───── Input for this task

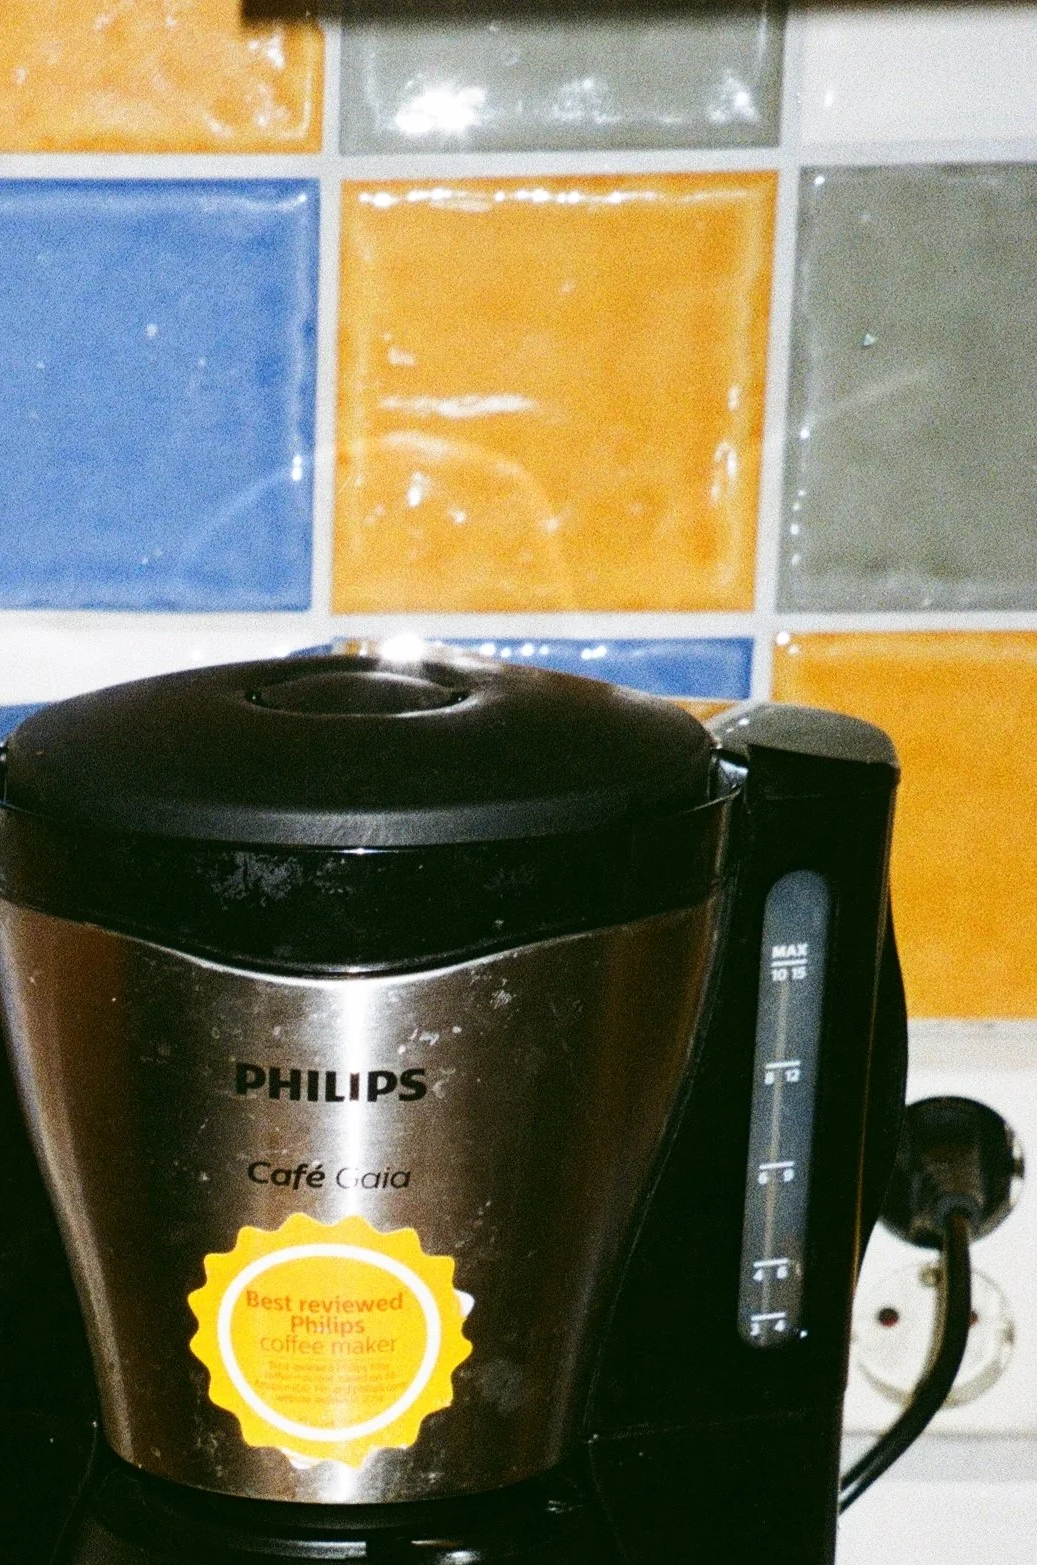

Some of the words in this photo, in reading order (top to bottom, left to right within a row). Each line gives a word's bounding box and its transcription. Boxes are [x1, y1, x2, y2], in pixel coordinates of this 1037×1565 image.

[772, 943, 808, 958] MAX
[772, 968, 787, 981] 10
[792, 966, 806, 980] 15
[235, 1062, 428, 1102] PHILIPS
[785, 1069, 800, 1082] 12
[247, 1161, 326, 1190] Café
[336, 1166, 412, 1189] Gaia
[246, 1290, 293, 1312] Best
[299, 1292, 404, 1313] reviewed
[290, 1315, 366, 1337] Philips
[260, 1335, 325, 1354] coffee
[331, 1336, 398, 1355] maker
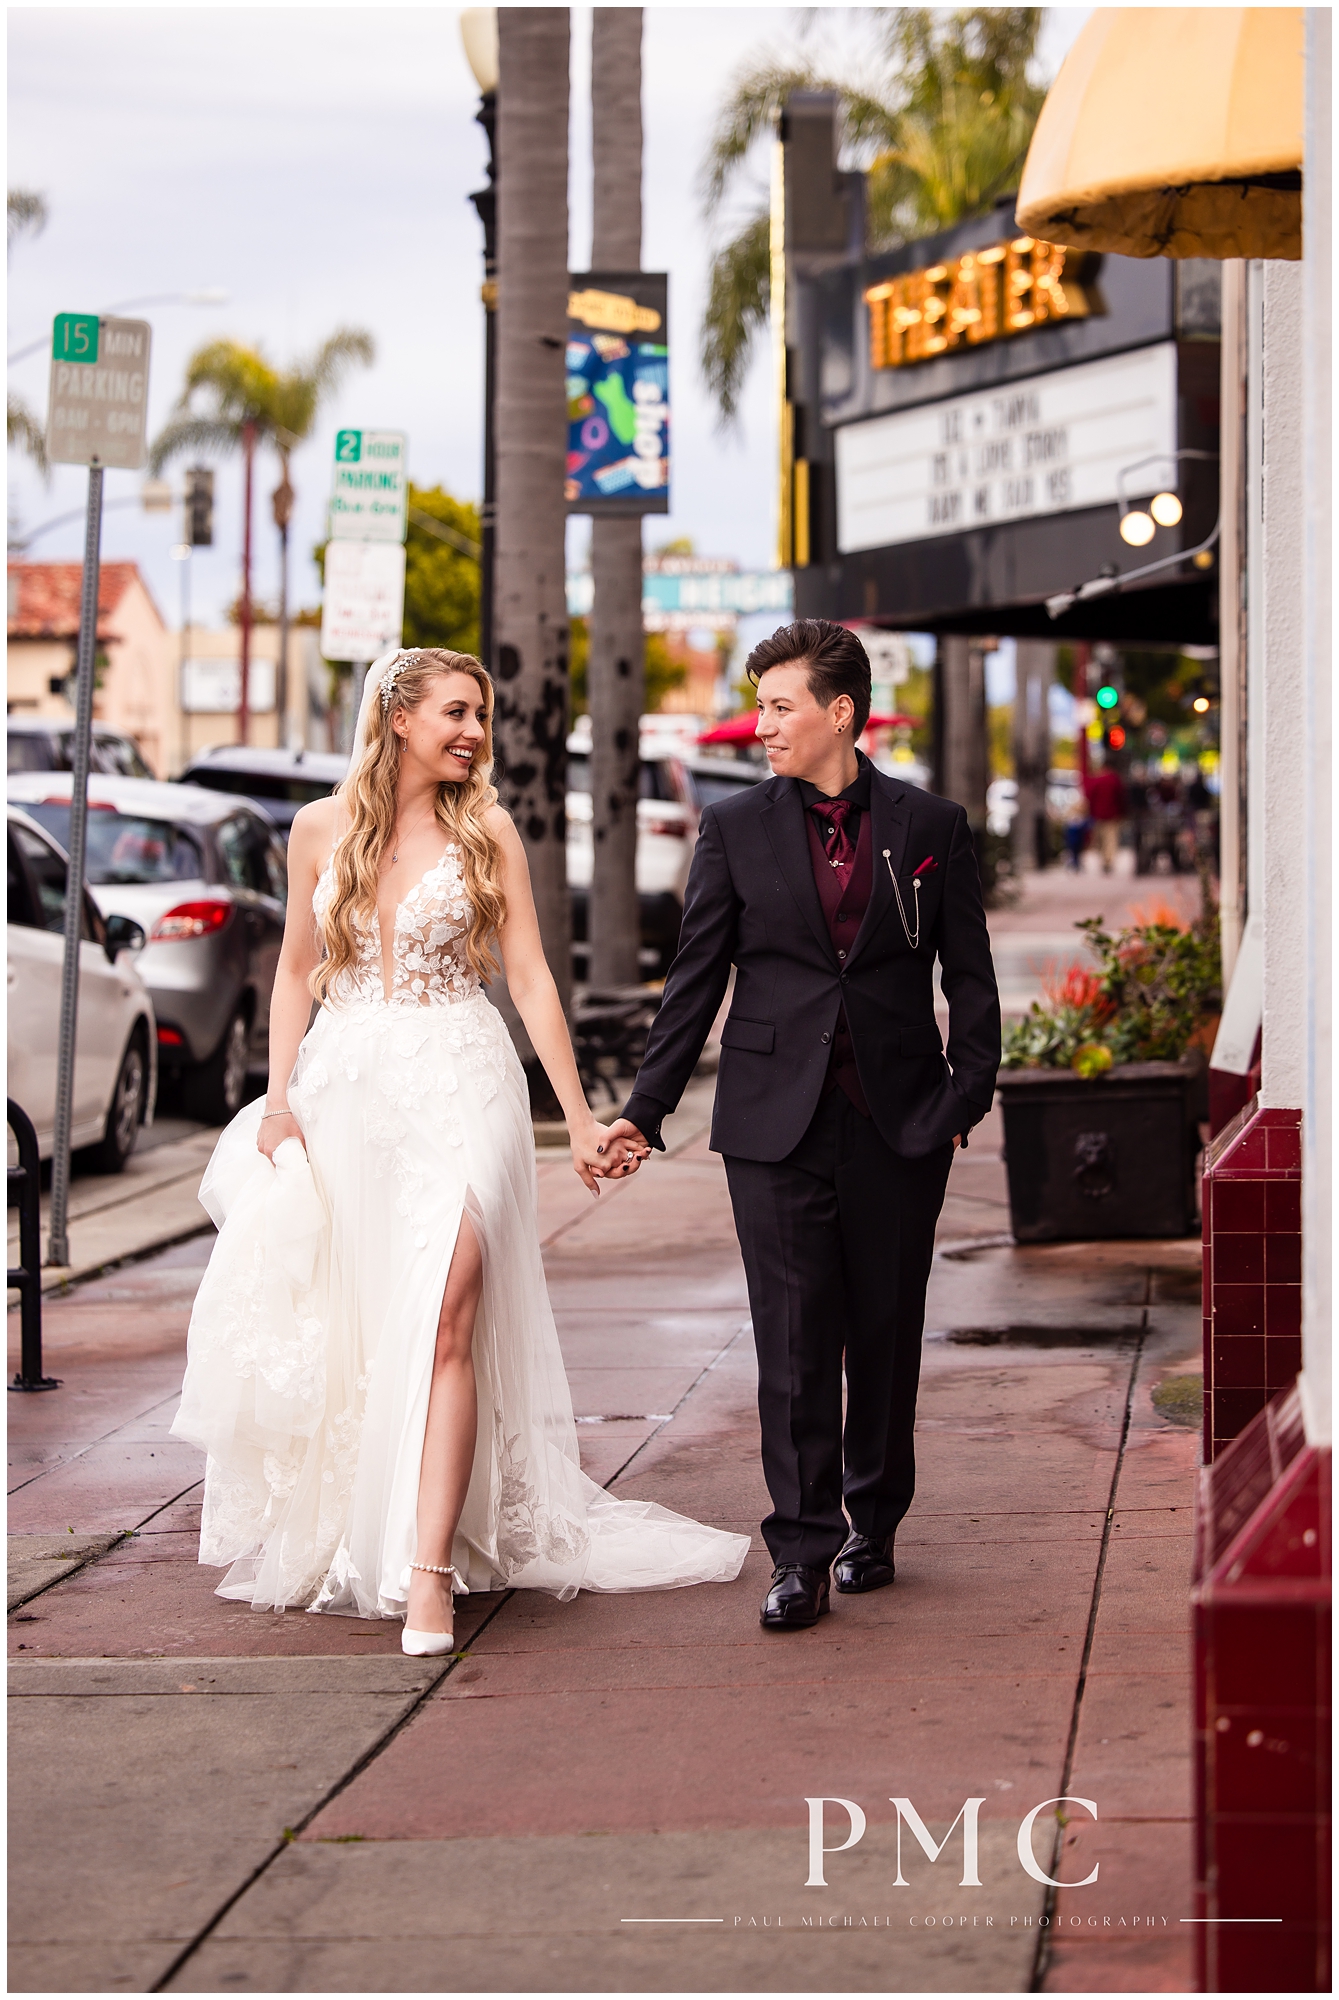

──────────

=== Your assignment ===
Write the data above out again exactly, minus its pictures.

=== Solution to this problem ===
Some of the words in this photo, in reading order (top to bottom, left to right within a row). Each line gives a word's bounding box and its transcription. Boxes are [x1, y1, x2, y2], in pixel coordinates of this 1037×1565 image.

[772, 943, 808, 958] MAX
[772, 968, 787, 981] 10
[792, 966, 806, 980] 15
[235, 1062, 428, 1102] PHILIPS
[785, 1069, 800, 1082] 12
[247, 1161, 326, 1190] Café
[336, 1166, 412, 1189] Gaia
[246, 1290, 293, 1312] Best
[299, 1292, 404, 1313] reviewed
[290, 1315, 366, 1337] Philips
[260, 1335, 325, 1354] coffee
[331, 1336, 398, 1355] maker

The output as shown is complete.